It’s these epic mountains that lure most travellers to Nepal. From the moment you arrive in Kathmandu, you will notice that far more tourists wear trekking boots than flip-flops or sandals. And it is here that finding a trekking gear shop is about as difficult as finding a casino in Vegas. Nepal is a trekkers’ paradise.
But Nepal wouldn’t be half the destination it is without all leading up to those revered mountains!
Nepal is a multi-sensory journey, from the utter chaos of Kathmandu to the kind Nepalese — always greeting you with a warm Namaste — to the delicious Nepali food and ancient Hindu temples.
I visited Nepal in 2017 and have now completely rewritten and updated this guide. Read along as you start planning your trip to Nepal, or simply to get a sense of what travelling in Nepal is like.
Plan your Nepal trip
Trekking in Nepal
A trip to Nepal doesn’t have to involve trekking, but it would be weird if it did not.
After all, Nepal is known as one of the world’s best places for trekking — not just thanks to the epic Himalayas, but because trekking is so accessible and well-supported in Nepal.
Mt. Everest gets all the media attention, but you don’t need to be a super pro trekker (or mountaineer) to experience the majesty of the Himalayas. While there are some daunting 20+ day traverses, there are also plenty of shorter treks suitable for beginners.
What makes the logistics relatively easy is that many trails pass through mountain villages where you can eat and sleep. The more remote trails are dotted with tea houses, a lodge offering basic accommodation and food for just a few dollars worth of rupees a night.
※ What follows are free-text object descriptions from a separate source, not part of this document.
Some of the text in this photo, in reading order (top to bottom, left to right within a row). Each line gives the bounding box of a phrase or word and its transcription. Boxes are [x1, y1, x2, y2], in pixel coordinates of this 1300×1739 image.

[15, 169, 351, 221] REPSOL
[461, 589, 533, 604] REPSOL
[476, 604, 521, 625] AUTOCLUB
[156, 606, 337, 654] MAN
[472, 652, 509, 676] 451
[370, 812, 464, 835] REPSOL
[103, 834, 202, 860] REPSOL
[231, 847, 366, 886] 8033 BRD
For an extra fee, some tea houses may even let you shower or charge your electronics.
In case you were wondering, yes, they also serve tea.
The tea houses and villages eliminate the need for camping and provide a reliable support network on most routes. Besides this, trained guides and porters are cheap by Western standards; about $10-$15 per day for a guide or $5-$10 for a porter (someone who can carry your luggage on the trek).
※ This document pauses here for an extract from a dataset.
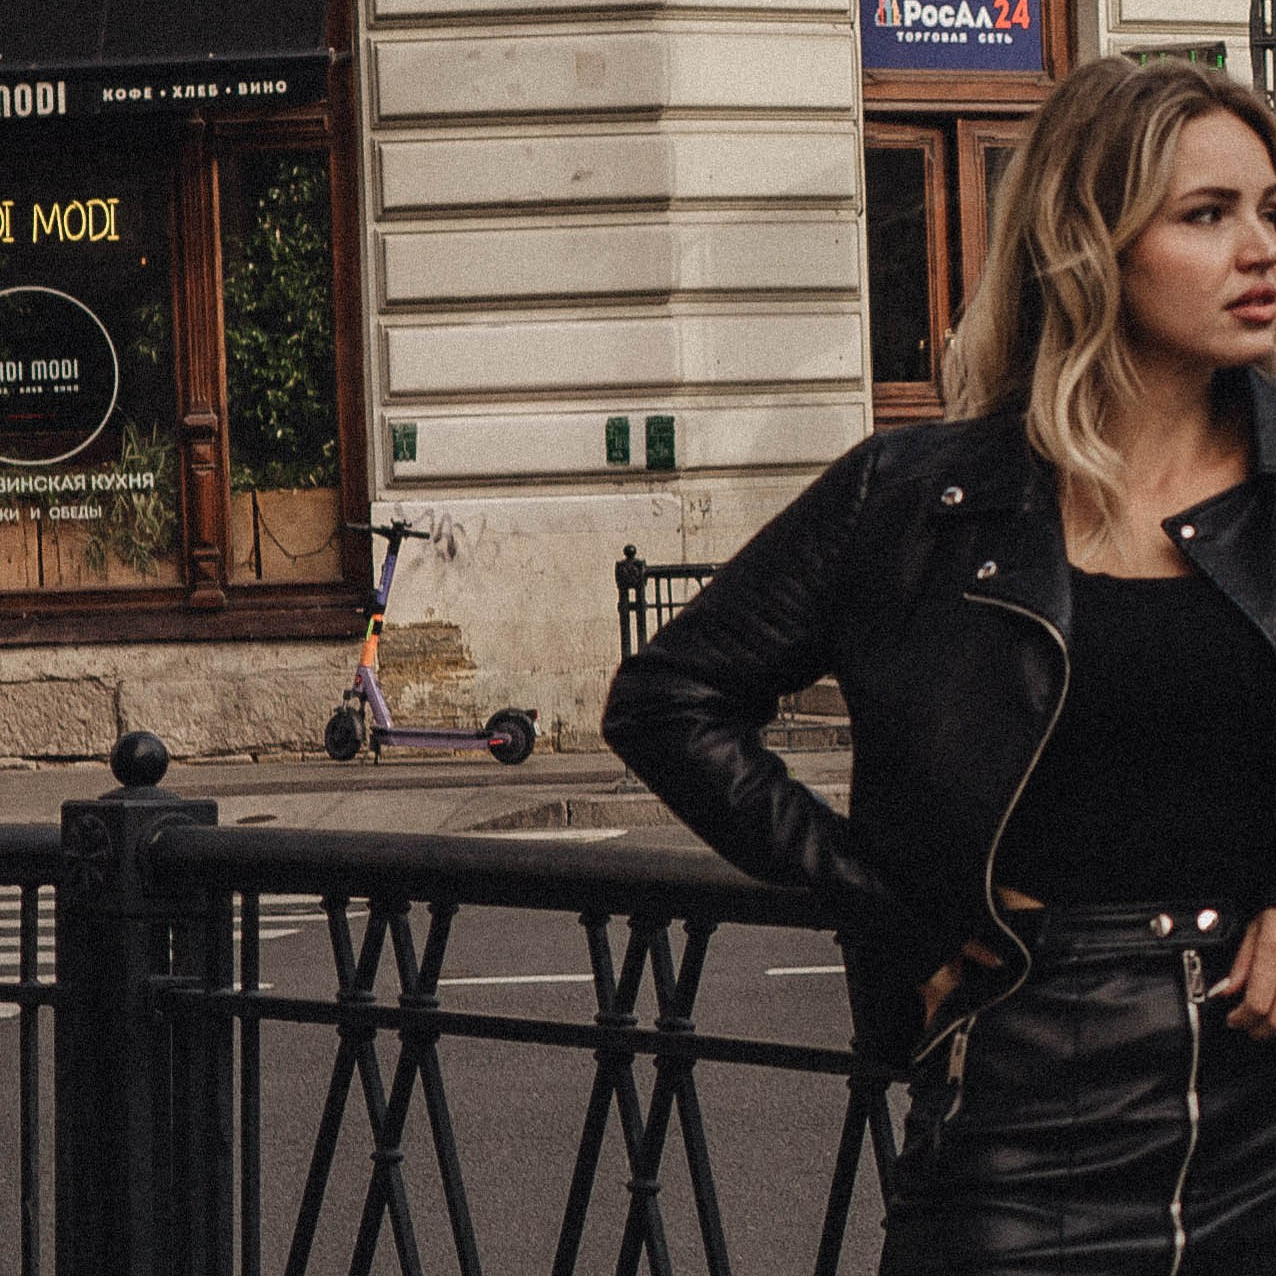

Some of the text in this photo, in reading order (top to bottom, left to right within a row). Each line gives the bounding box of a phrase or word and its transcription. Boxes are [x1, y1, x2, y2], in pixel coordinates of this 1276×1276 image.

It may seem a bit decadent to hire porters or a guide, but this service provides a valuable source of income to Nepal. Even more capable hikers may hire some support, and this is encouraged and highly appreciated in Nepal. In saying this, it is also possible to trek certain routes independently.
While trekking in Nepal is very well-supported, it’s nevertheless important to get some travel insurance for your trip to Nepal.
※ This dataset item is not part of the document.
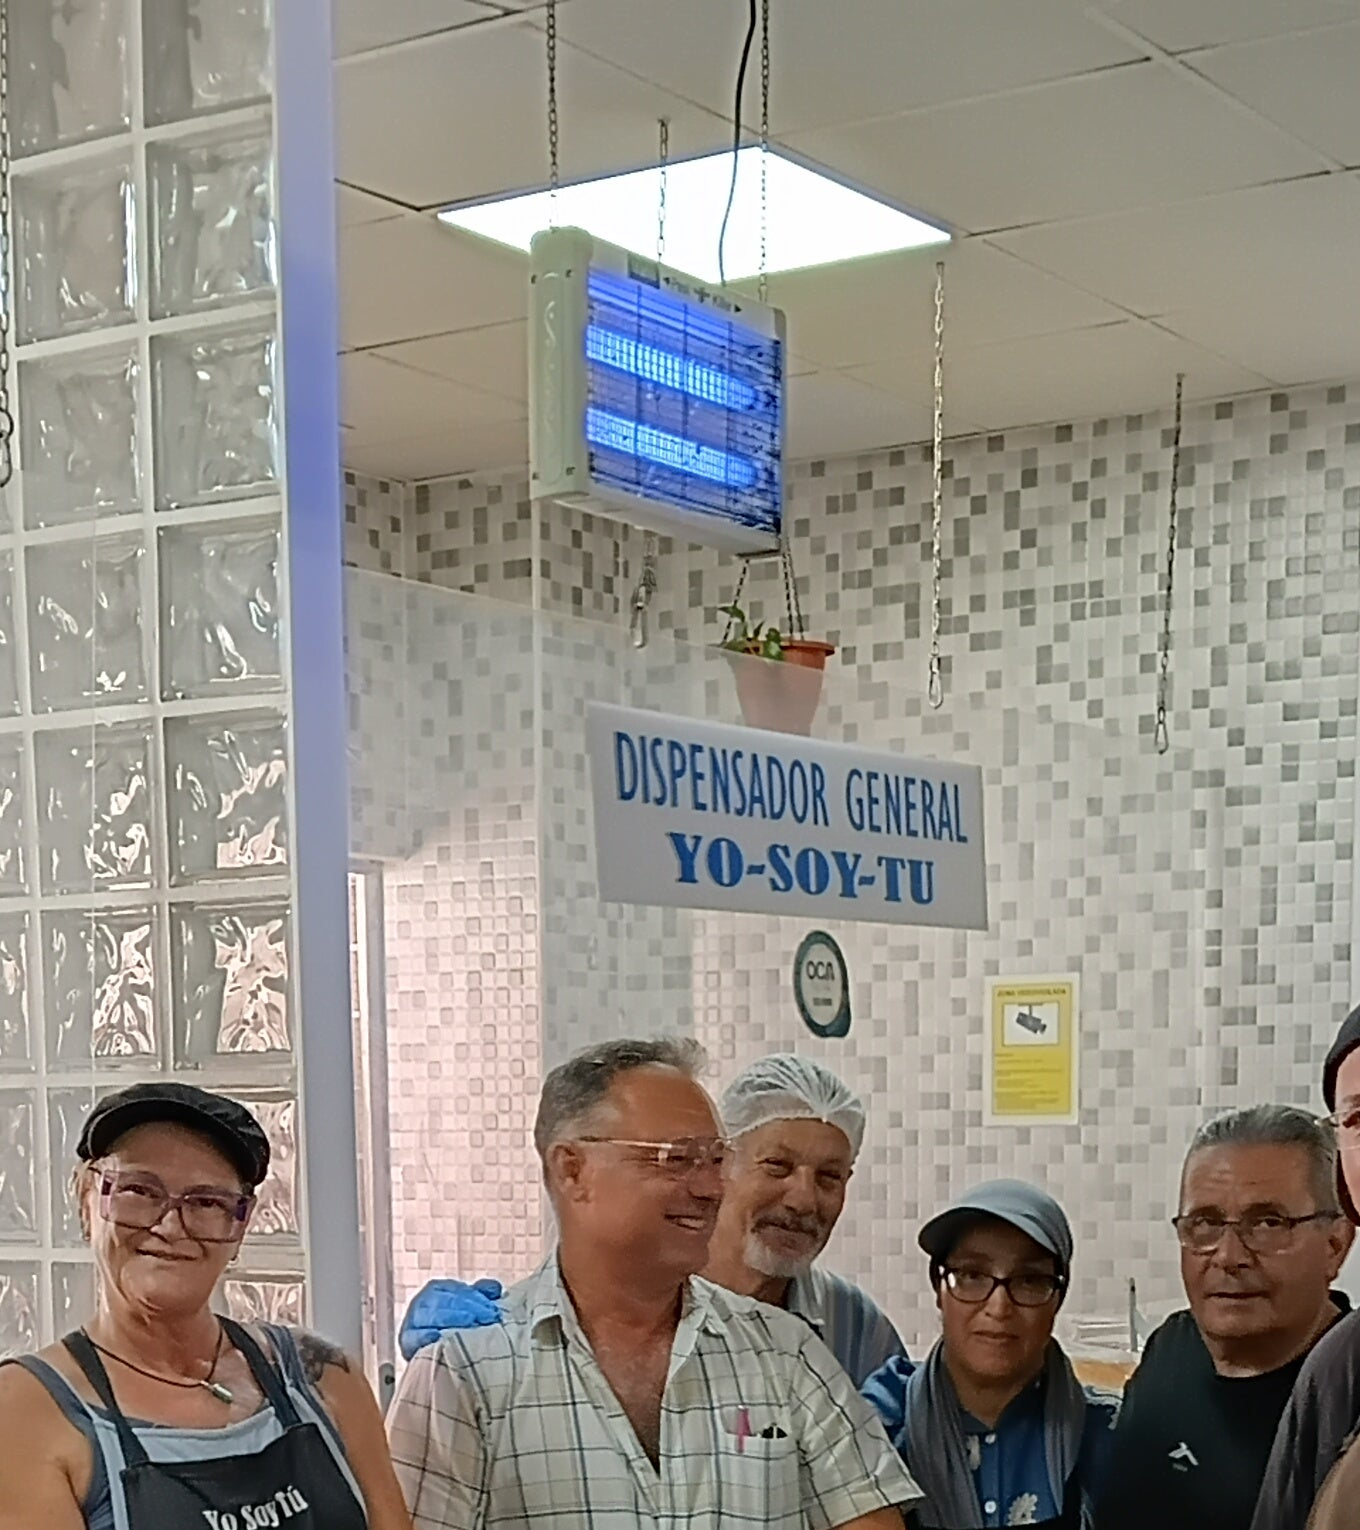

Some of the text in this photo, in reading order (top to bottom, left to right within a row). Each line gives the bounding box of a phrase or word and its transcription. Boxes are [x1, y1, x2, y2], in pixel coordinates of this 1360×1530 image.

[613, 730, 969, 844] DISPENSADOR GENERAL
[665, 831, 935, 905] YO-SOY-TU
[274, 1485, 309, 1518] Tú
This is not just some rote advice. During my trek, I met an Australian who had severely injured his knee and urgently needed a helicopter ride back to Kathmandu. As the chuga-chuga of the helicopter approached the tea house, he was definitely bragging to everyone how his insurance was the best money he ever spent. His insurance covered this emergency in full, a cost of well over $10,000.
I’m saying this just so you can be like this guy and not the person who has to spend $10,000 on a medivac!
There are many travel insurance providers, though I like to recommend Heymondo (I’m an affiliate partner while using them myself). If you plan to hike above 3000m, be sure to get their ‘adventure sports’ add-on. For hikes under 3000m, the standard Heymondo package will suffice.
Get travel insurance for Nepal
Travel insurance will cover you for theft, medical expenses, cancellation, and more. Heymondo offers great coverage, COVID-19 included, zero deductibles, and an app with 24/7 assistance & doctor chat.
Getting to Nepal
Nepal is situated just north of India and bordering the southern edge of the Himalayan mountain range, beyond which lies Tibet. There are multiple overland borders, but you will need to fly in if you’re coming specifically to Nepal.
Nepal’s only international airport, Tribhuvan International, is relatively small, with around a dozen aircraft stands. If you’re coming from, say, Europe or North America, you’ll likely have to make a stopover in India or the Middle East. For my trip from Europe, I connected via India.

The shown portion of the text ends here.